When a cloud function or service starts from zero, it takes extra time to get ready. This is called a cold start.

We want to understand how the time to start grows as more requests come in.

Analyze the time complexity of cold start delays when handling multiple requests.

// Pseudocode for handling requests with cold start
for each request in requests:
  if no active instance:
    start new instance (cold start)
  else:
    use active instance (warm start)
  process request

This sequence shows how requests trigger new instances if none are active, causing cold starts.

Identify the API calls, resource provisioning, data transfers that repeat.

• Primary operation: Starting a new instance (cold start)
• How many times: Only when no active instance is available, usually once per instance lifecycle
• Secondary operation: Processing requests using warm instances, repeated for every request

Cold starts happen only when new instances are needed, not for every request.

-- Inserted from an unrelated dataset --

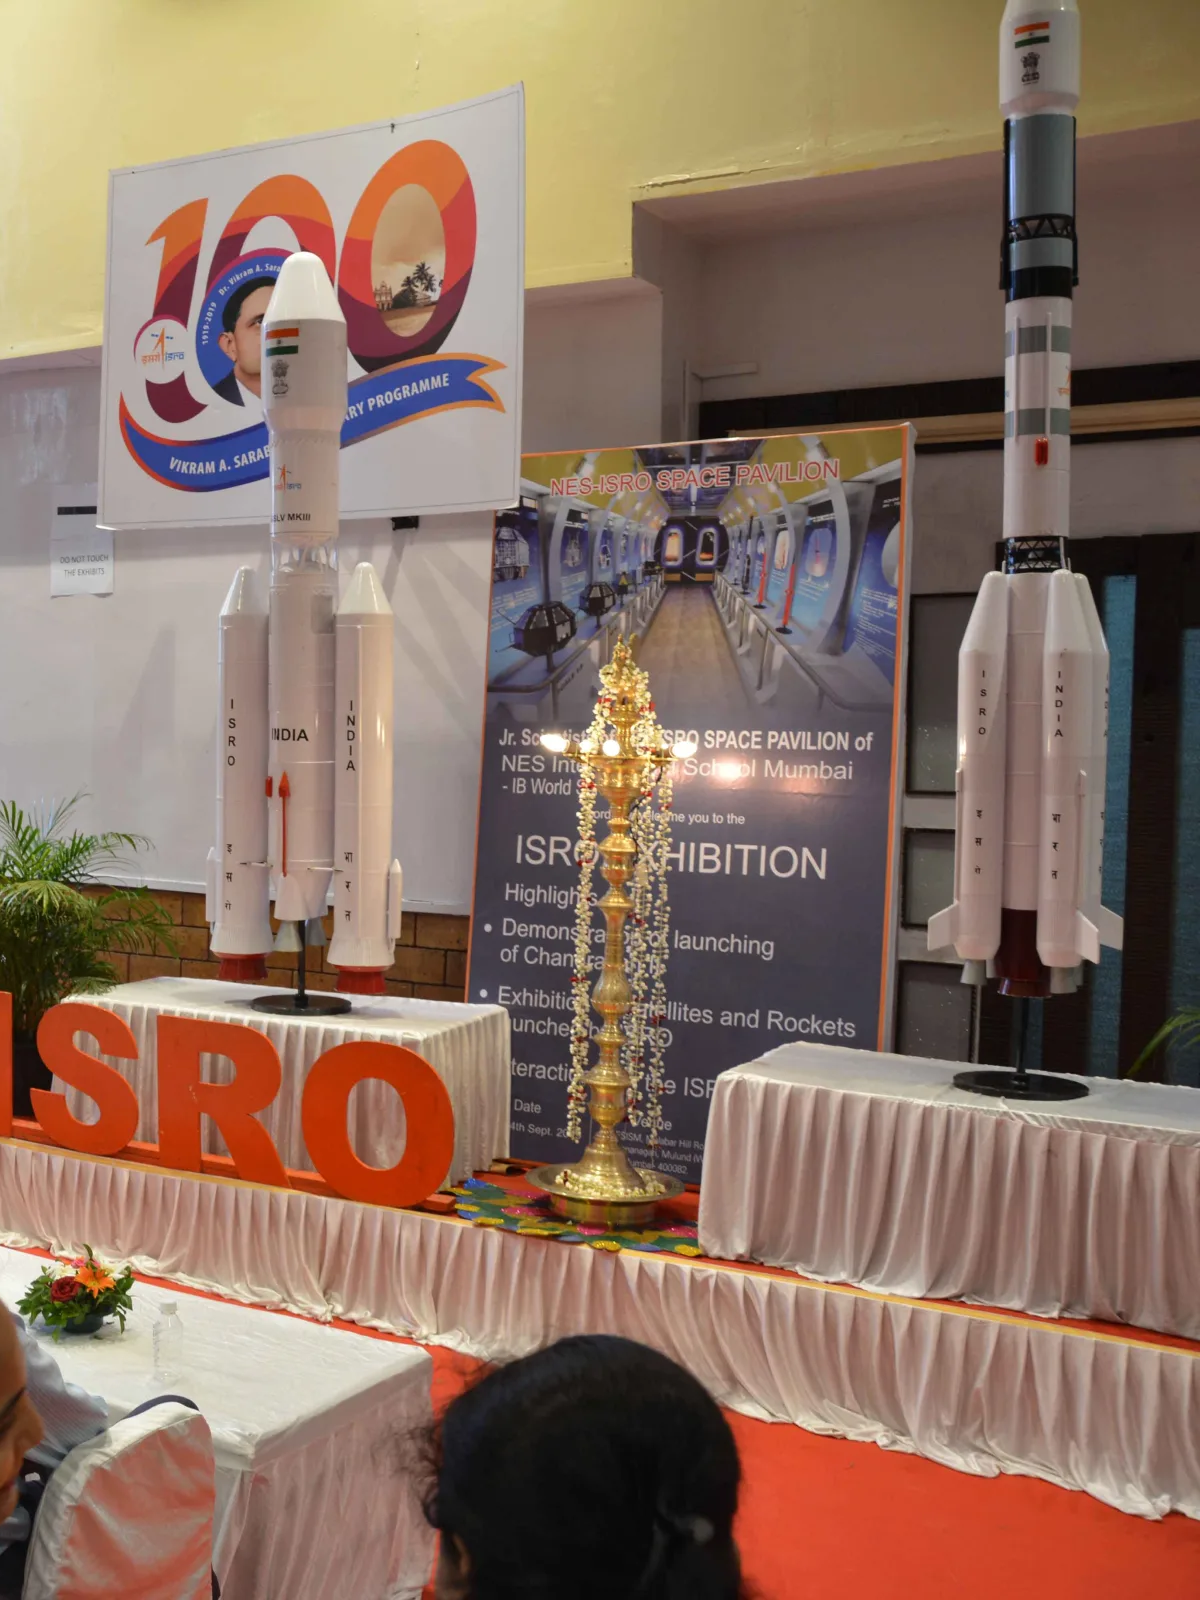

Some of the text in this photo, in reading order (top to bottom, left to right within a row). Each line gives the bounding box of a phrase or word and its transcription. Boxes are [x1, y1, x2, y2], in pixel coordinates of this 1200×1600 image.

Input Size (n)	Approx. Cold Starts
10	1 or few (depends on concurrency)
100	Few (scaled by instance limits)
1000	More, but still much less than requests

Pattern observation: Cold starts grow slowly compared to total requests, as instances handle many requests once started.

Time Complexity: O(k)

This means cold start delays grow with the number of new instances started, not with every request.

[X] Wrong: "Every request causes a cold start delay."

[OK] Correct: Once an instance is running, it handles many requests without cold start delays.

Understanding cold start behavior helps you explain how cloud services scale and respond to demand efficiently.

"What if the service could keep instances warm indefinitely? How would the cold start time complexity change?"